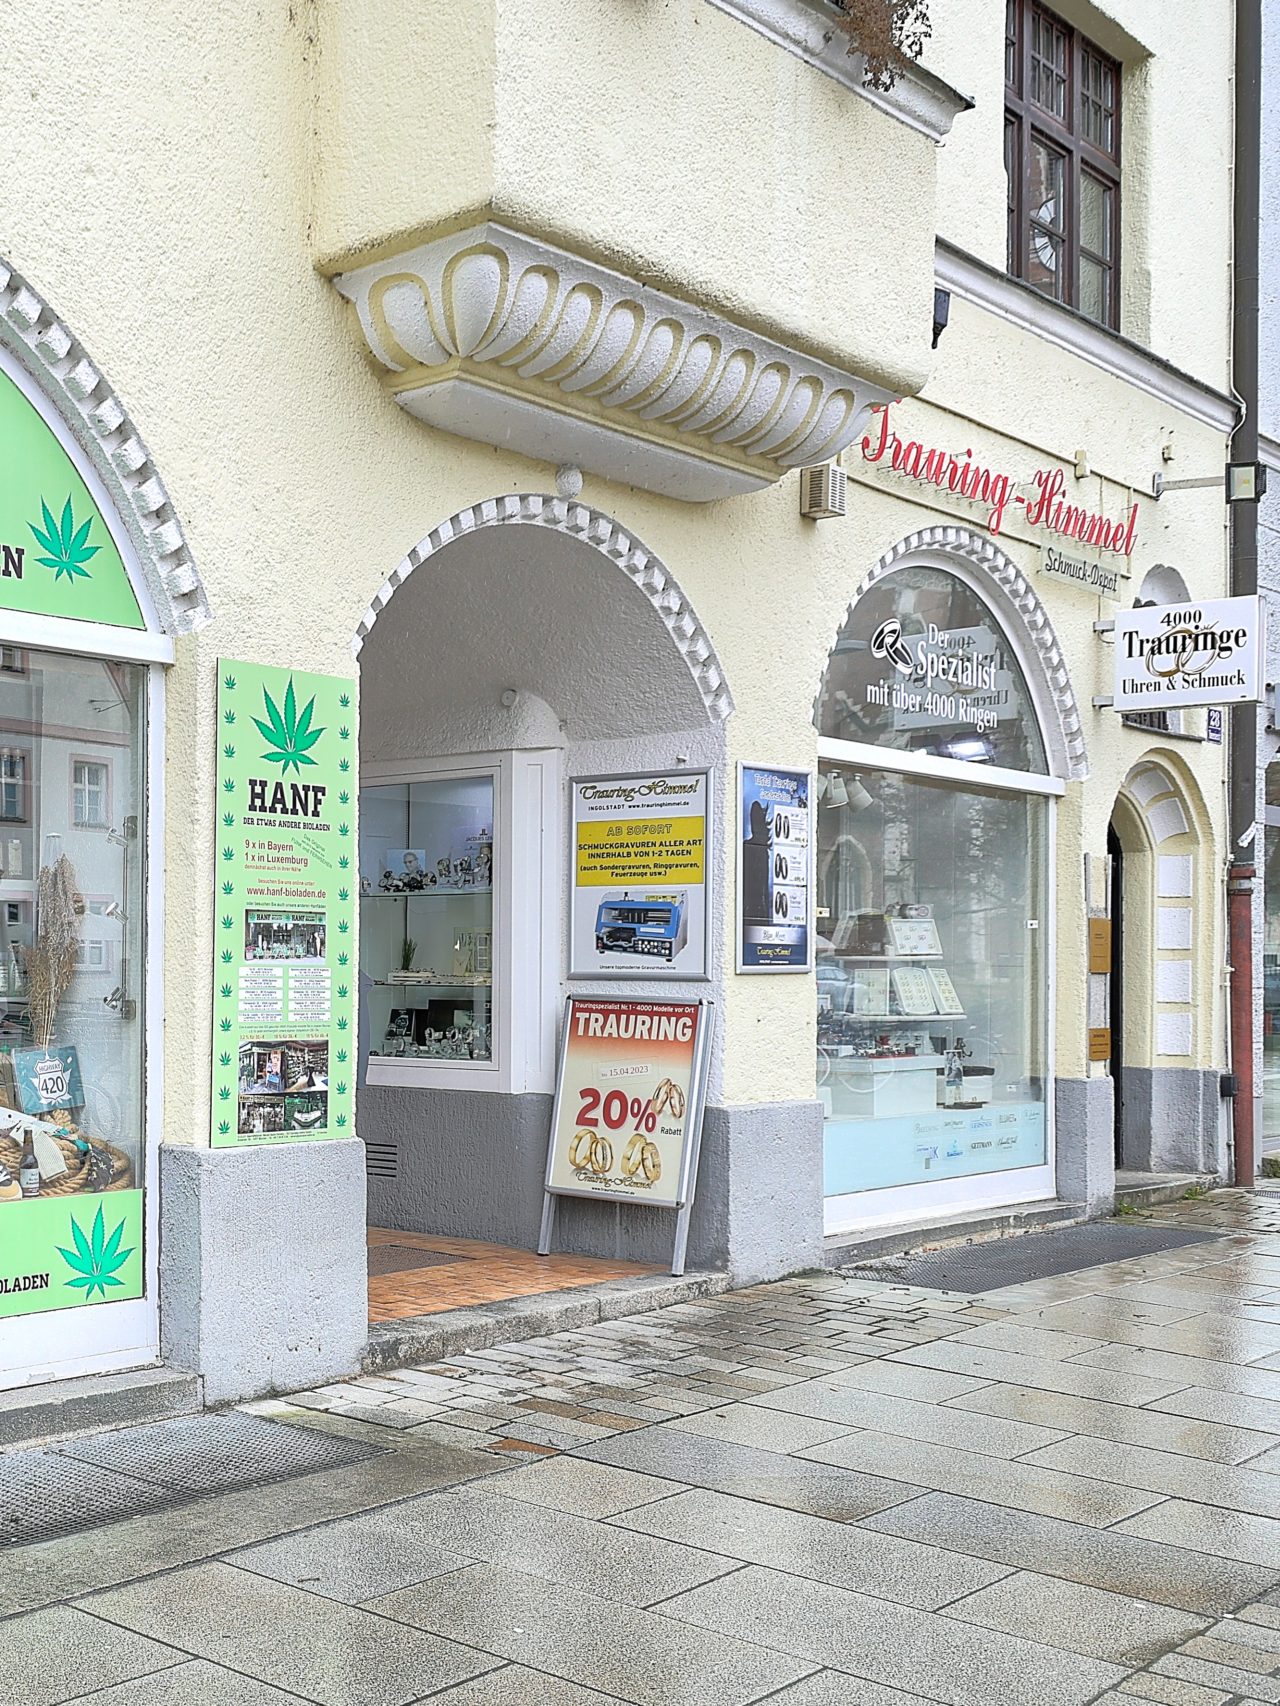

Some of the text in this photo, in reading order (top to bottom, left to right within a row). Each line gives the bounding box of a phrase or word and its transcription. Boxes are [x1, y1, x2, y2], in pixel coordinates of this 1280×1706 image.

[1044, 547, 1117, 593] Schmuck-Depot
[1160, 609, 1202, 627] 4000
[928, 623, 950, 648] Der
[1123, 626, 1247, 660] Trauringe
[917, 640, 996, 692] Spezialist
[1122, 668, 1246, 695] Uhren & Schmuck
[866, 678, 998, 733] mit über 4000 Ringen
[247, 778, 327, 818] HANF
[579, 778, 701, 802] Trauring-Himmel
[588, 800, 690, 811] INGOLSTADT www.trauringhimmel.de
[243, 816, 331, 832] DER ETWAS ANDERE BIOLADEN
[606, 823, 673, 837] AB SOFORT
[244, 839, 251, 849] 9
[258, 839, 266, 850] in
[267, 840, 294, 853] Bayern
[578, 838, 703, 851] SCHMUCKGRAVUREN ALLER ART
[244, 851, 249, 862] 1
[257, 852, 265, 862] in
[266, 853, 309, 868] Luxemburg
[587, 848, 692, 860] INNERHALB VON 1-2 TAGEN
[580, 861, 700, 872] (auch Sondergravuren, Ringgravuren,
[610, 869, 668, 878] Feuerzeuge usw.)
[246, 886, 327, 899] www.hanf-bioladen.de
[615, 963, 641, 971] topmoderne
[575, 1001, 620, 1011] Trauringspezialist
[636, 1004, 652, 1012] 4000
[653, 1005, 674, 1013] Modelle
[684, 1006, 695, 1014] Ort
[575, 1012, 693, 1042] TRAURING
[39, 1062, 62, 1073] HIGHWAY
[609, 1065, 649, 1077] 15.04.2023
[40, 1076, 65, 1096] 420
[575, 1087, 657, 1133] 20%
[660, 1126, 682, 1136] Rabatt
[575, 1171, 654, 1190] Trauring-Himmel
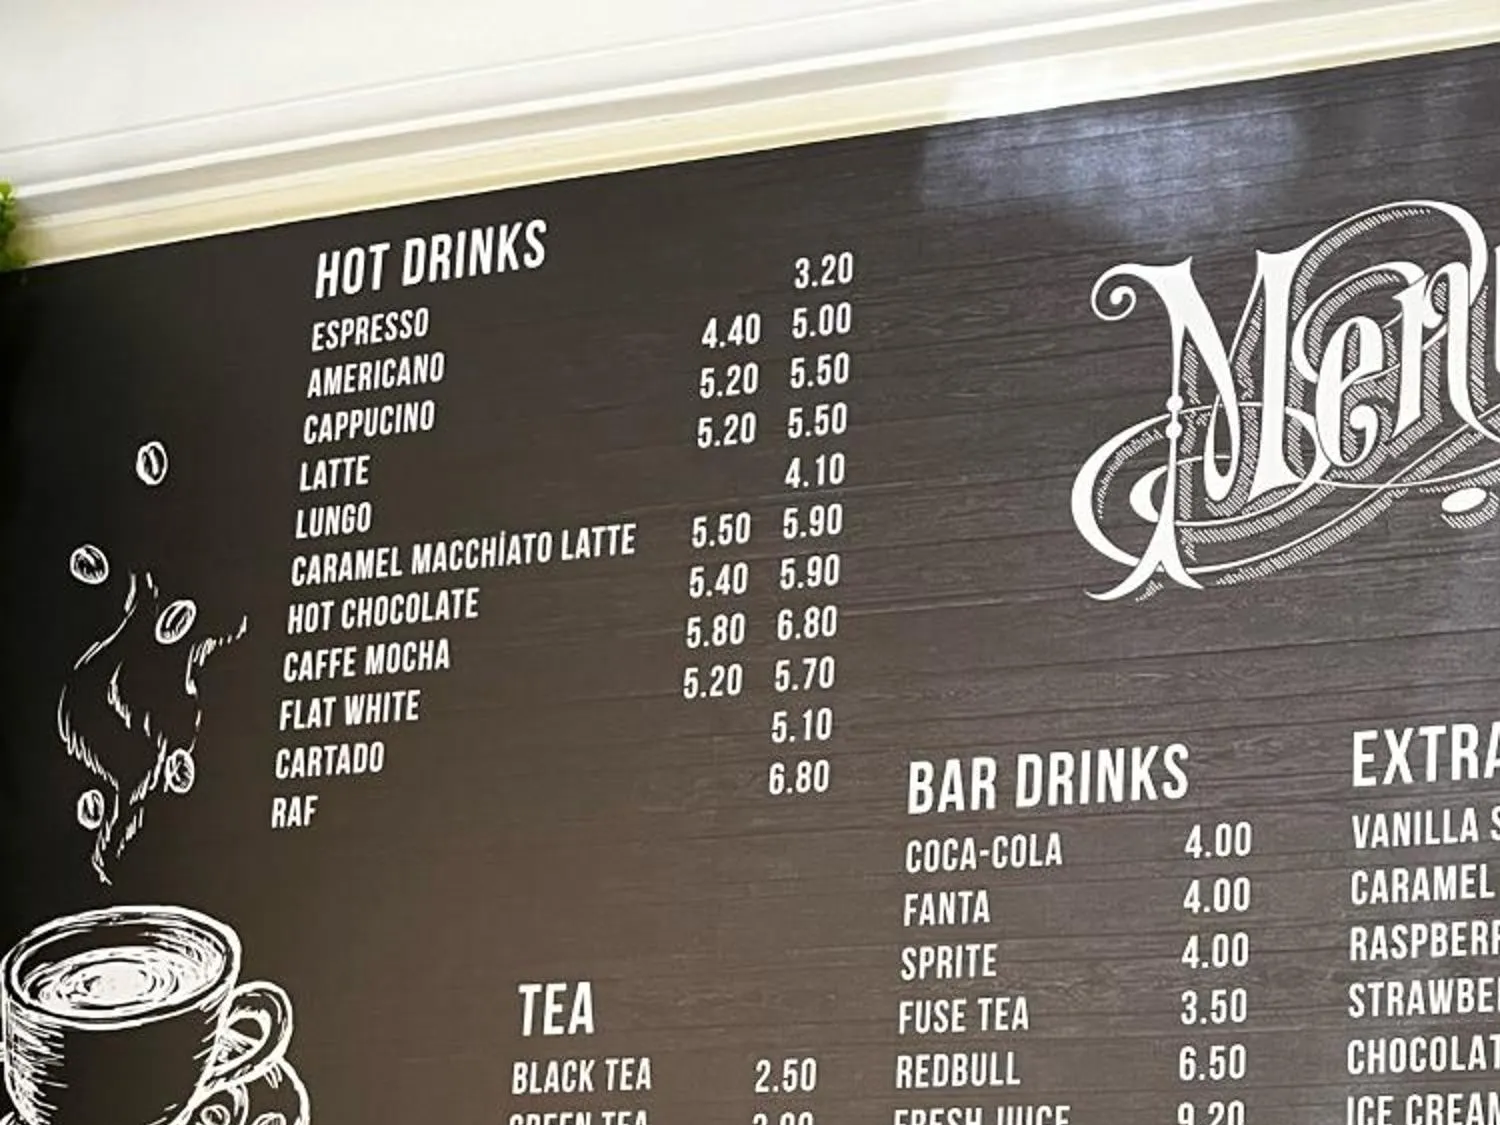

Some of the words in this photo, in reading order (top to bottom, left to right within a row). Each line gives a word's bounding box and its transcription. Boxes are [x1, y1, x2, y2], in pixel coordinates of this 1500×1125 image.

[315, 242, 391, 300] HOT
[401, 219, 547, 287] DRINKS
[794, 251, 854, 289] 3.20
[311, 307, 429, 353] ESPRESSO
[701, 312, 761, 349] 4.40
[791, 301, 852, 339] 5.00
[306, 351, 445, 399] AMERICANO
[699, 361, 759, 399] 5.20
[790, 351, 850, 389] 5.50
[303, 399, 435, 445] CAPPUCINO
[697, 411, 757, 449] 5.20
[787, 401, 848, 439] 5.50
[299, 454, 371, 492] LATTE
[784, 452, 845, 489] 4.10
[295, 501, 372, 540] LUNGO
[691, 511, 751, 549] 5.50
[782, 503, 843, 540] 5.90
[291, 546, 403, 587] CARAMEL
[561, 523, 637, 561] LATTE
[689, 561, 749, 599] 5.40
[779, 553, 841, 591] 5.90
[287, 599, 335, 635] HOT
[341, 587, 480, 630] CHOCOLATE
[686, 612, 746, 649] 5.80
[777, 605, 838, 641] 6.80
[283, 645, 357, 683] CAFFE
[364, 638, 450, 676] MOCHA
[683, 663, 743, 699] 5.20
[774, 655, 835, 693] 5.70
[279, 695, 337, 731] FLAT
[344, 689, 421, 726] WHITE
[771, 707, 833, 744] 5.10
[275, 741, 385, 780] CARTADO
[769, 759, 830, 795] 6.80
[907, 756, 997, 815] BAR
[1015, 743, 1189, 808] DRINKS
[271, 794, 319, 829] RAF
[1351, 807, 1479, 849] VANILLA
[905, 832, 1063, 874] COCA-COLA
[1184, 821, 1252, 859] 4.00
[1183, 877, 1251, 914] 4.00
[1351, 863, 1495, 906] CARAMEL
[903, 889, 990, 927] FANTA
[900, 943, 998, 981] SPRITE
[1181, 931, 1249, 969] 4.00
[518, 981, 595, 1037] TEA
[899, 998, 967, 1035] FUSE
[977, 996, 1029, 1031] TEA
[1180, 987, 1247, 1025] 3.50
[511, 1059, 596, 1095] BLACK
[605, 1057, 652, 1091] TEA
[754, 1057, 817, 1093] 2.50
[895, 1051, 1021, 1089] REDBULL
[1179, 1043, 1246, 1081] 6.50
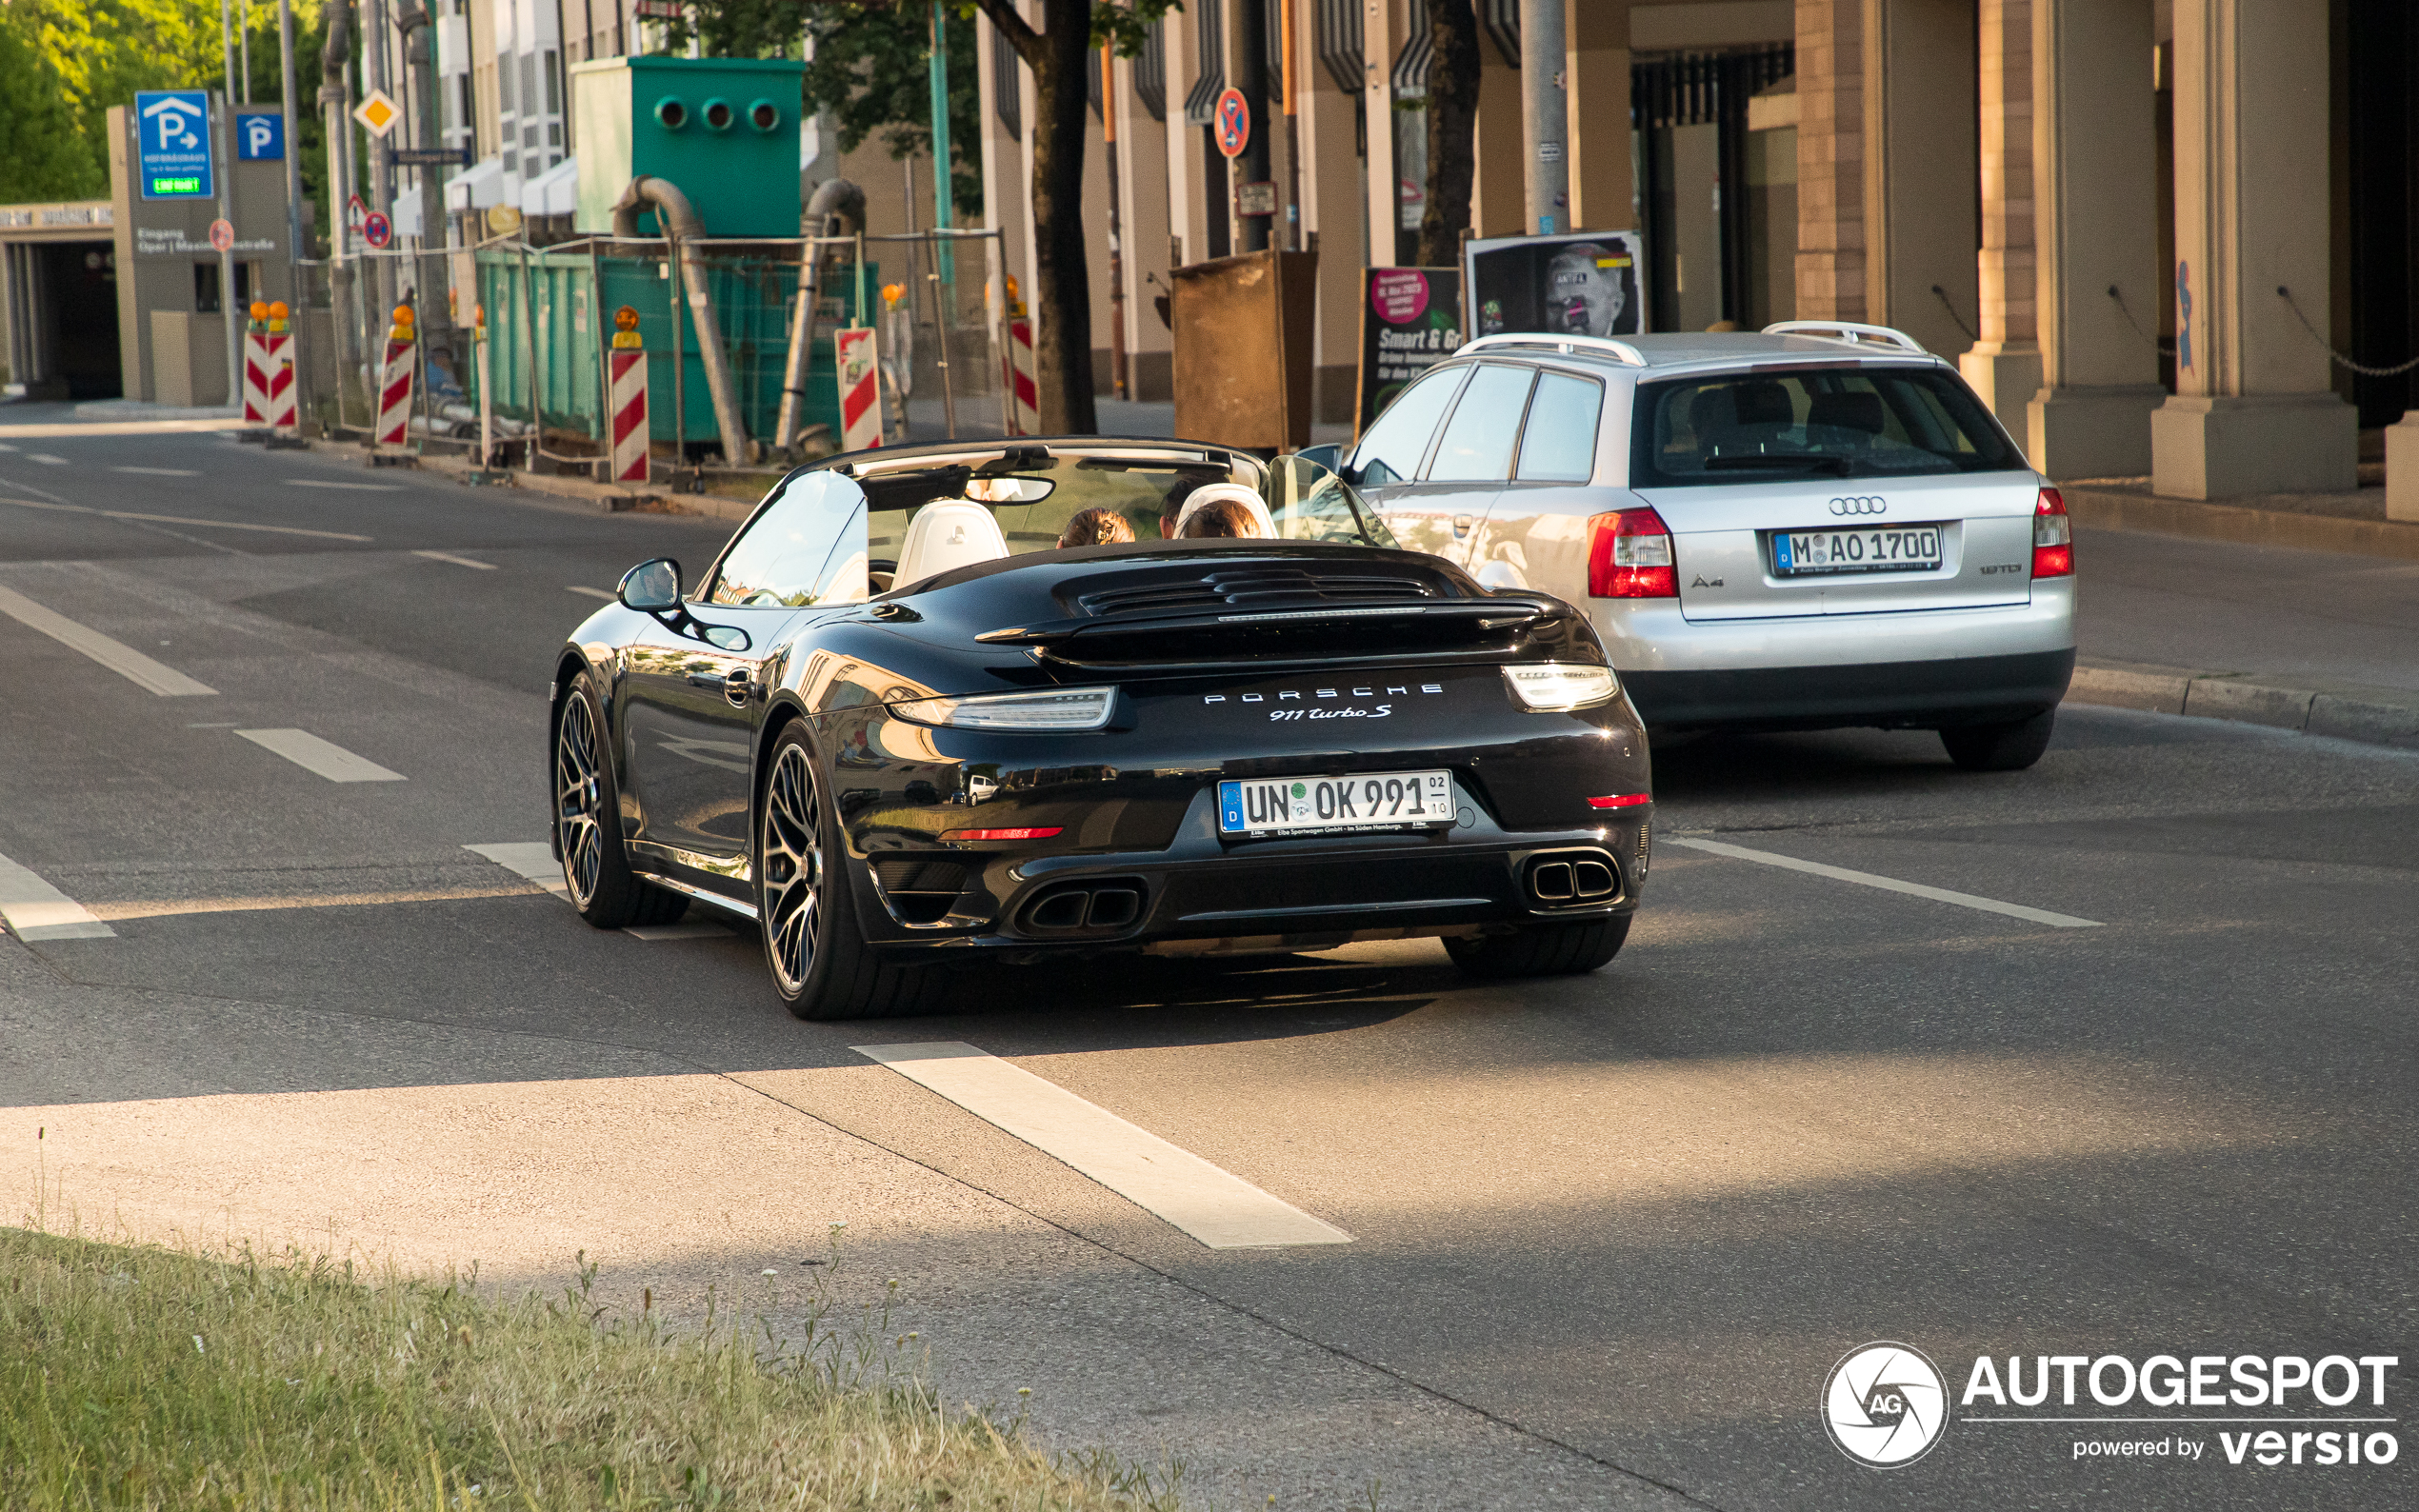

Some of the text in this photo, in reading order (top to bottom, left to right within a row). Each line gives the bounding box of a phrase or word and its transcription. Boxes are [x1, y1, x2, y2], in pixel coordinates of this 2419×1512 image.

[158, 112, 186, 150] P
[250, 126, 272, 157] P
[138, 228, 184, 241] Eingang
[1379, 328, 1427, 349] Smart
[1429, 328, 1440, 349] &
[1792, 531, 1937, 563] M AO 1700
[1781, 554, 1788, 563] D
[1691, 573, 1724, 587] A4
[1204, 684, 1444, 705] PORSCHE
[1269, 705, 1391, 721] 911 turbo S
[1429, 777, 1445, 787] 02
[1246, 778, 1426, 823] UN OK 991
[1432, 803, 1446, 813] 10
[1229, 811, 1238, 822] D
[1290, 827, 1324, 836] Sportwagen
•••••
### What you will do
Give again the lines from the line holding "this 2419×1512 image." through the close of the listing, both included, exactly as written and with nothing else.

### Solution to the exercise
Some of the text in this photo, in reading order (top to bottom, left to right within a row). Each line gives the bounding box of a phrase or word and its transcription. Boxes are [x1, y1, x2, y2], in pixel coordinates of this 2419×1512 image.

[158, 112, 186, 150] P
[250, 126, 272, 157] P
[138, 228, 184, 241] Eingang
[1379, 328, 1427, 349] Smart
[1429, 328, 1440, 349] &
[1792, 531, 1937, 563] M AO 1700
[1781, 554, 1788, 563] D
[1691, 573, 1724, 587] A4
[1204, 684, 1444, 705] PORSCHE
[1269, 705, 1391, 721] 911 turbo S
[1429, 777, 1445, 787] 02
[1246, 778, 1426, 823] UN OK 991
[1432, 803, 1446, 813] 10
[1229, 811, 1238, 822] D
[1290, 827, 1324, 836] Sportwagen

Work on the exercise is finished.